Insolvency Bill Passed!

Well done to our local TD Mr. James Browne on passing an Insolvency Bill which will help in many areas of the Insolvency Process.

Delighted my Insolvency Bill was passed this evening and will now go to the President for signing.
Perhaps the most important change made by the Bill relates to insolvent homeowners who are struggling to pay their home mortgage arrears. The Personal Insolvency (Amendment) Act 2015 introduced a key protection for these borrowers. It allowed them a right to seek review by a court, if their mortgage lender, or other creditors, refuse a reasonable proposal for a personal insolvency arrangement.
However, this protection currently only applies to home mortgage arrears dating from before 1 January 2015. So a person at risk of losing their home, whose financial difficulties first arose from the COVID-19 pandemic, would be unable to apply for the court review. The Bill removes the condition that the borrower’s home mortgage arrears must pre-date 1 January 2015, in light of these changed economic circumstances.

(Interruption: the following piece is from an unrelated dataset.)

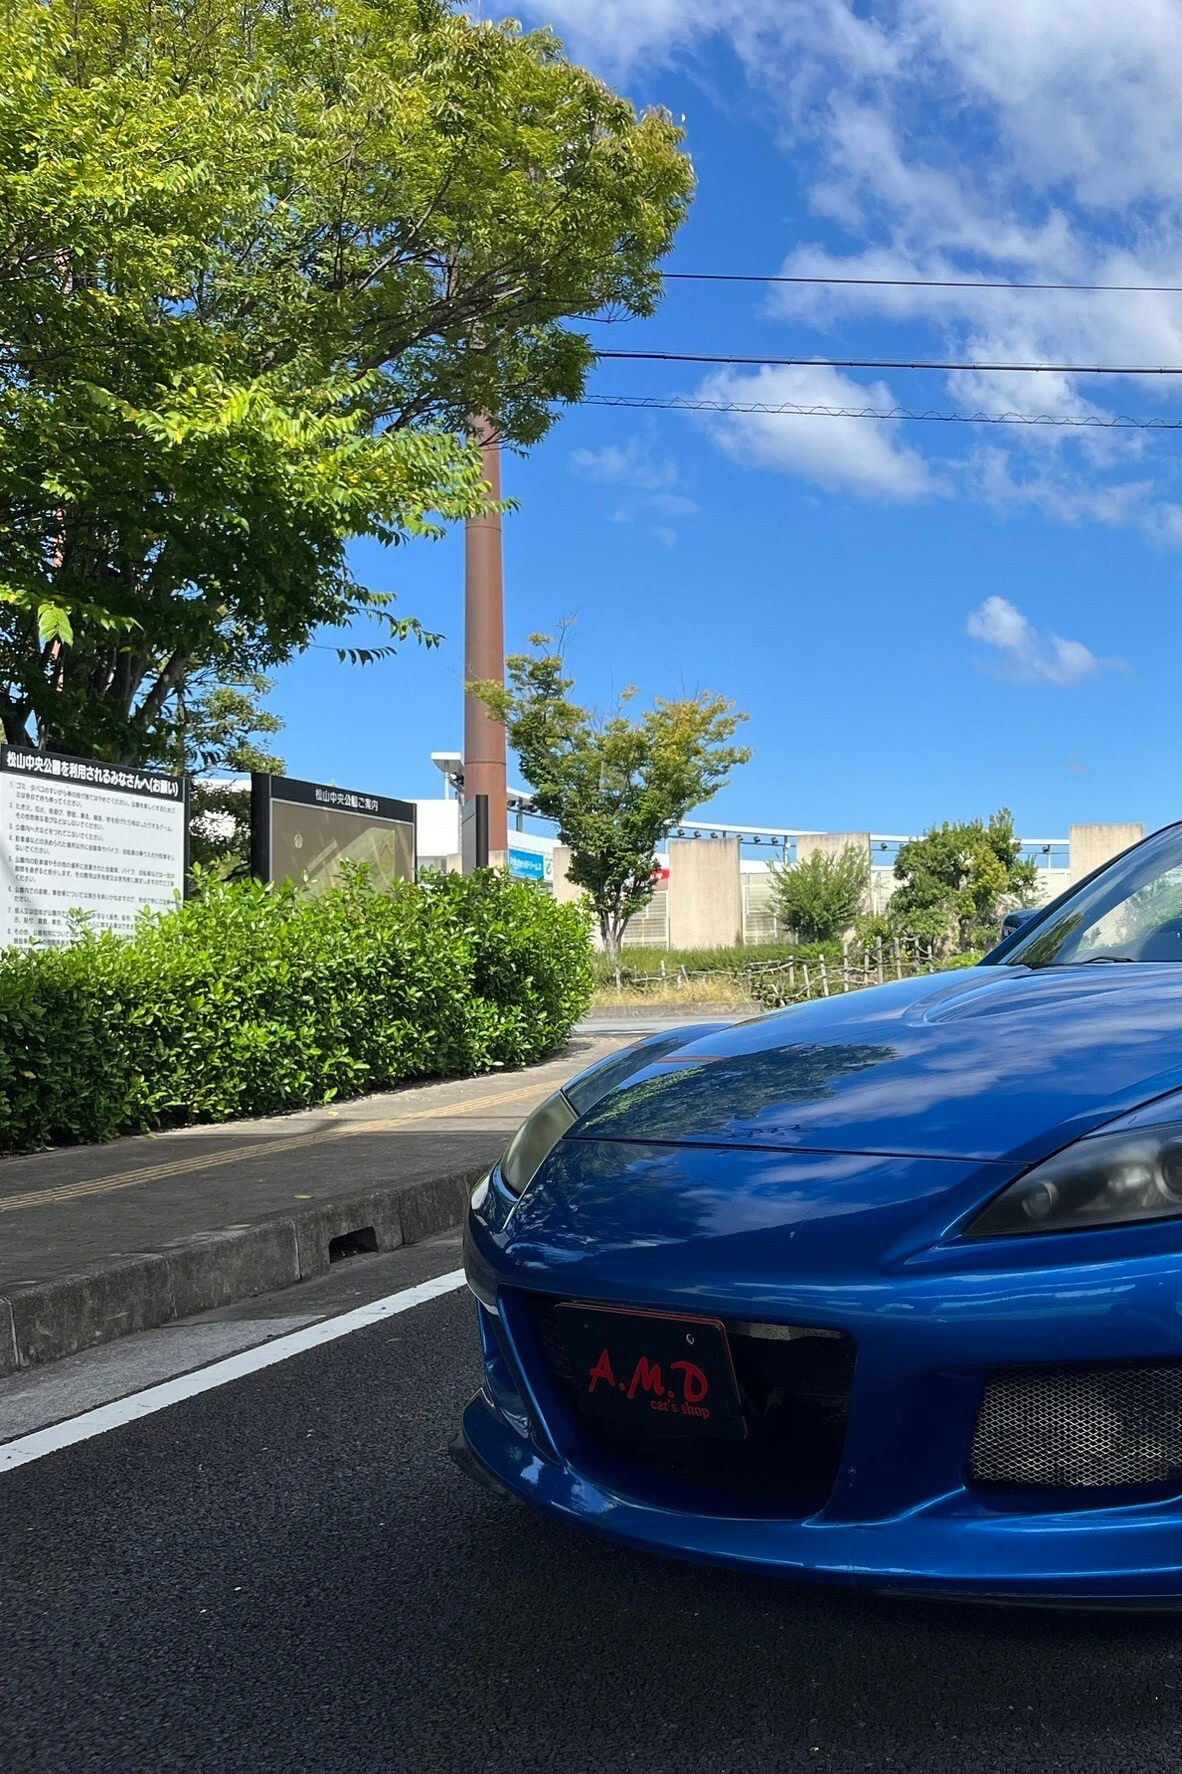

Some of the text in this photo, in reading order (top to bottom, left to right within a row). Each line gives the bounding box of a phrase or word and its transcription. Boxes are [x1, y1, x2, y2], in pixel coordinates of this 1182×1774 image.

The Bill also adjusts the asset ceiling for an insolvent person applying for a Debt Relief Notice – the statutory debt restructure designed for people with debts not exceeding €35,000, and very little income or assets. The ceiling for assets (including savings) is raised from €400 to €1,500. This will remove an obstacle that could otherwise affect recipients of some social welfare payments that are paid as lump sums, such as Fuel Allowance or Carer’s Support Grant.
The Bill makes a number of other practical changes to ensure that personal insolvency processes work better for those affected by the pandemic:
allowing a key advisory meeting between the insolvent person and their financial adviser to take place via remote communications technology, rather than face to face;
allowing a short extra extension of some key procedural deadlines; and
allowing the insolvent person to make a written Confirmation of Truth, which does not have to be formally sworn or witnessed, as an alternative to a statutory declaration (while retaining strict penalties for making any such statement that the person does not believe to be true.)